■ **STORED DATA**

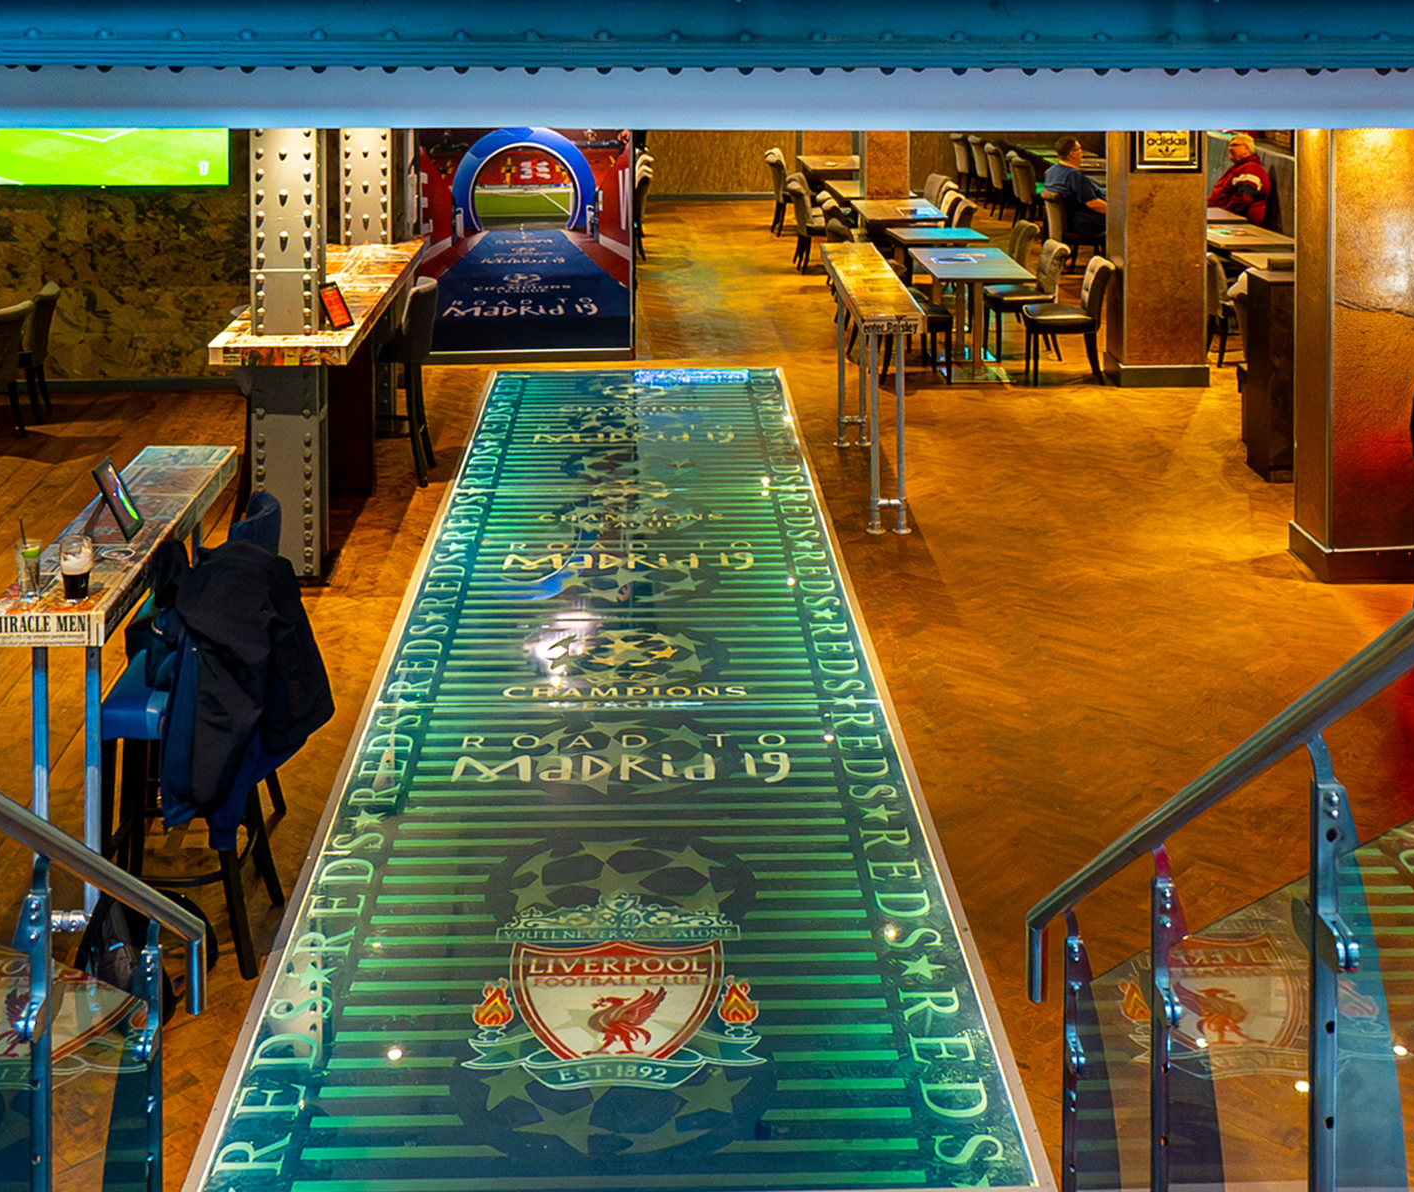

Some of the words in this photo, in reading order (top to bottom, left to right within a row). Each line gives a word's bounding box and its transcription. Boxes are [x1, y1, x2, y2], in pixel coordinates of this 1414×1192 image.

[1147, 136, 1187, 146] adidas
[452, 298, 533, 306] ROAD
[477, 407, 515, 441] REDS
[461, 446, 503, 486] REDS
[441, 495, 488, 542] REDS
[539, 512, 725, 522] CHAMIONS
[777, 492, 821, 538] REDS
[419, 552, 468, 609] REDS
[720, 551, 755, 570] 19
[791, 550, 841, 607] REDS
[56, 614, 87, 633] MEN
[387, 623, 450, 696] REDS
[808, 621, 867, 693] REDS
[502, 685, 748, 699] CHAMPIONS
[348, 714, 422, 806] REDS
[461, 733, 649, 749] ROAD
[706, 733, 787, 748] TO
[830, 710, 898, 801] REDS
[743, 751, 791, 783] 19
[291, 832, 385, 957] REDS
[858, 826, 945, 948] REDS
[528, 956, 707, 974] LIVERPOOL
[532, 975, 639, 987] FOOTBALL
[646, 975, 700, 986] CLUB
[211, 995, 333, 1177] REDS
[897, 986, 1007, 1166] REDS
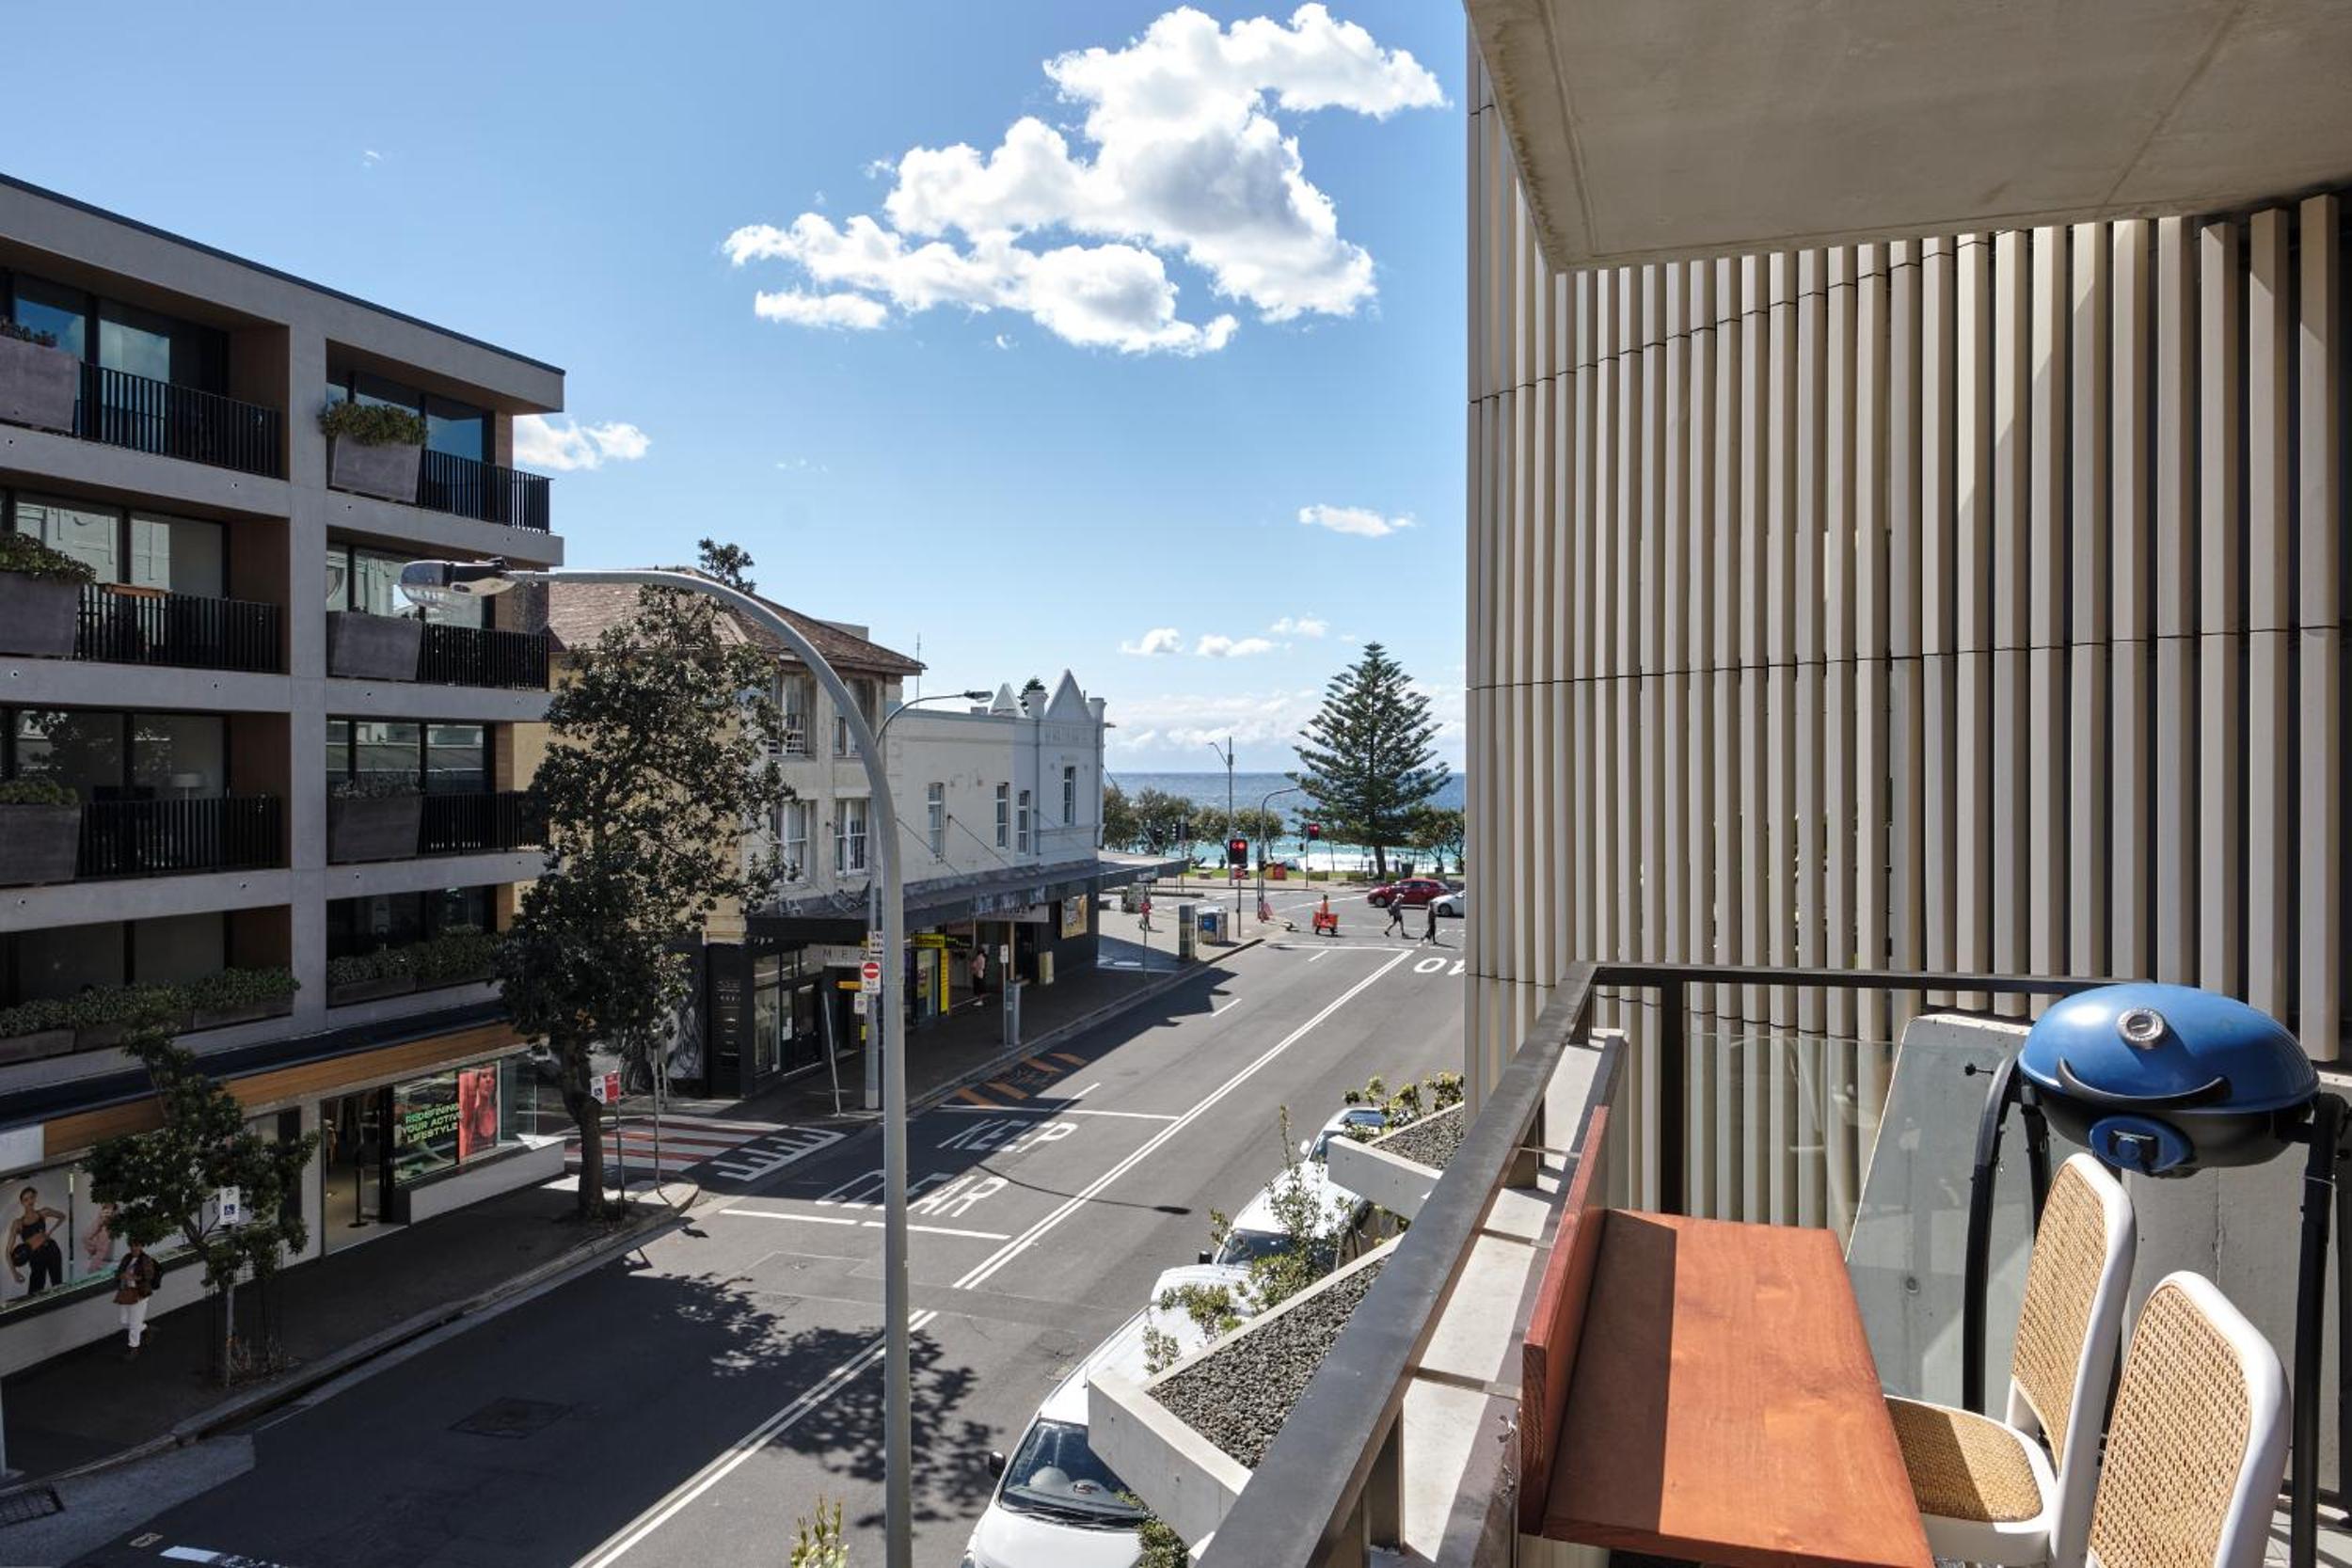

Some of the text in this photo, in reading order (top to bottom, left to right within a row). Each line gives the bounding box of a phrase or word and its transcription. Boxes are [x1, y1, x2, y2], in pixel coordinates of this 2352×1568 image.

[405, 1102, 459, 1122] REDEFINING
[406, 1122, 458, 1144] LIFESTYLE
[936, 1118, 1078, 1152] KEEP

■ **EXERCISE GOAL**
Retype the records above line for line and exactly, omitting their pictures.

■ **TASK RESPONSE**
Some of the words in this photo, in reading order (top to bottom, left to right within a row). Each line gives a word's bounding box and its transcription. Boxes are [x1, y1, x2, y2], in pixel coordinates of this 1414×1192 image.

[1147, 136, 1187, 146] adidas
[452, 298, 533, 306] ROAD
[477, 407, 515, 441] REDS
[461, 446, 503, 486] REDS
[441, 495, 488, 542] REDS
[539, 512, 725, 522] CHAMIONS
[777, 492, 821, 538] REDS
[419, 552, 468, 609] REDS
[720, 551, 755, 570] 19
[791, 550, 841, 607] REDS
[56, 614, 87, 633] MEN
[387, 623, 450, 696] REDS
[808, 621, 867, 693] REDS
[502, 685, 748, 699] CHAMPIONS
[348, 714, 422, 806] REDS
[461, 733, 649, 749] ROAD
[706, 733, 787, 748] TO
[830, 710, 898, 801] REDS
[743, 751, 791, 783] 19
[291, 832, 385, 957] REDS
[858, 826, 945, 948] REDS
[528, 956, 707, 974] LIVERPOOL
[532, 975, 639, 987] FOOTBALL
[646, 975, 700, 986] CLUB
[211, 995, 333, 1177] REDS
[897, 986, 1007, 1166] REDS

Some of the text in this photo, in reading order (top to bottom, left to right within a row). Each line gives the bounding box of a phrase or word and its transcription. Boxes are [x1, y1, x2, y2], in pixel coordinates of this 2352×1568 image.

[405, 1102, 459, 1122] REDEFINING
[406, 1122, 458, 1144] LIFESTYLE
[936, 1118, 1078, 1152] KEEP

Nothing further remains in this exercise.